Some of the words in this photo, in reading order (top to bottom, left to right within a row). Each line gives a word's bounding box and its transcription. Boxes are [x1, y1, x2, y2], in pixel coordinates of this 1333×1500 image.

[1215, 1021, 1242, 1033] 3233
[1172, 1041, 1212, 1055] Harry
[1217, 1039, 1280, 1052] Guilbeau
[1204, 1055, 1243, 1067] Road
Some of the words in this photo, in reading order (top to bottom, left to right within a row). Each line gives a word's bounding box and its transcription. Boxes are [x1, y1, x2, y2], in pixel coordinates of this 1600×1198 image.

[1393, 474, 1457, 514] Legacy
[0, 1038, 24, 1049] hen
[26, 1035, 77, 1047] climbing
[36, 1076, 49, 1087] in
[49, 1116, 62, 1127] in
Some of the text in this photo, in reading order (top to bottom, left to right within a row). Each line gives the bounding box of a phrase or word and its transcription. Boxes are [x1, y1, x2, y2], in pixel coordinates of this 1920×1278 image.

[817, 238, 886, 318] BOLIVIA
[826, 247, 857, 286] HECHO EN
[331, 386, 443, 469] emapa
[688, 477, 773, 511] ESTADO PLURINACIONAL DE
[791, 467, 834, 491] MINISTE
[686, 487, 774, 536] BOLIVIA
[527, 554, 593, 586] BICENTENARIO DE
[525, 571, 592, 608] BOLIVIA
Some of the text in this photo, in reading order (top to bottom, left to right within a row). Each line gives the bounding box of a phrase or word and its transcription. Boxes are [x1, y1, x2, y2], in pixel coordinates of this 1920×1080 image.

> [PROBLEM TO WORK ON] Retype all of the material, exactly as written.

> [EXPECTED ANSWER]
Some of the words in this photo, in reading order (top to bottom, left to right within a row). Each line gives a word's bounding box and its transcription. Boxes are [x1, y1, x2, y2], in pixel coordinates of this 1333×1500 image.

[1215, 1021, 1242, 1033] 3233
[1172, 1041, 1212, 1055] Harry
[1217, 1039, 1280, 1052] Guilbeau
[1204, 1055, 1243, 1067] Road
Some of the words in this photo, in reading order (top to bottom, left to right within a row). Each line gives a word's bounding box and its transcription. Boxes are [x1, y1, x2, y2], in pixel coordinates of this 1600×1198 image.

[1393, 474, 1457, 514] Legacy
[0, 1038, 24, 1049] hen
[26, 1035, 77, 1047] climbing
[36, 1076, 49, 1087] in
[49, 1116, 62, 1127] in
Some of the text in this photo, in reading order (top to bottom, left to right within a row). Each line gives the bounding box of a phrase or word and its transcription. Boxes are [x1, y1, x2, y2], in pixel coordinates of this 1920×1278 image.

[817, 238, 886, 318] BOLIVIA
[826, 247, 857, 286] HECHO EN
[331, 386, 443, 469] emapa
[688, 477, 773, 511] ESTADO PLURINACIONAL DE
[791, 467, 834, 491] MINISTE
[686, 487, 774, 536] BOLIVIA
[527, 554, 593, 586] BICENTENARIO DE
[525, 571, 592, 608] BOLIVIA
Some of the text in this photo, in reading order (top to bottom, left to right within a row). Each line gives the bounding box of a phrase or word and its transcription. Boxes are [x1, y1, x2, y2], in pixel coordinates of this 1920×1080 image.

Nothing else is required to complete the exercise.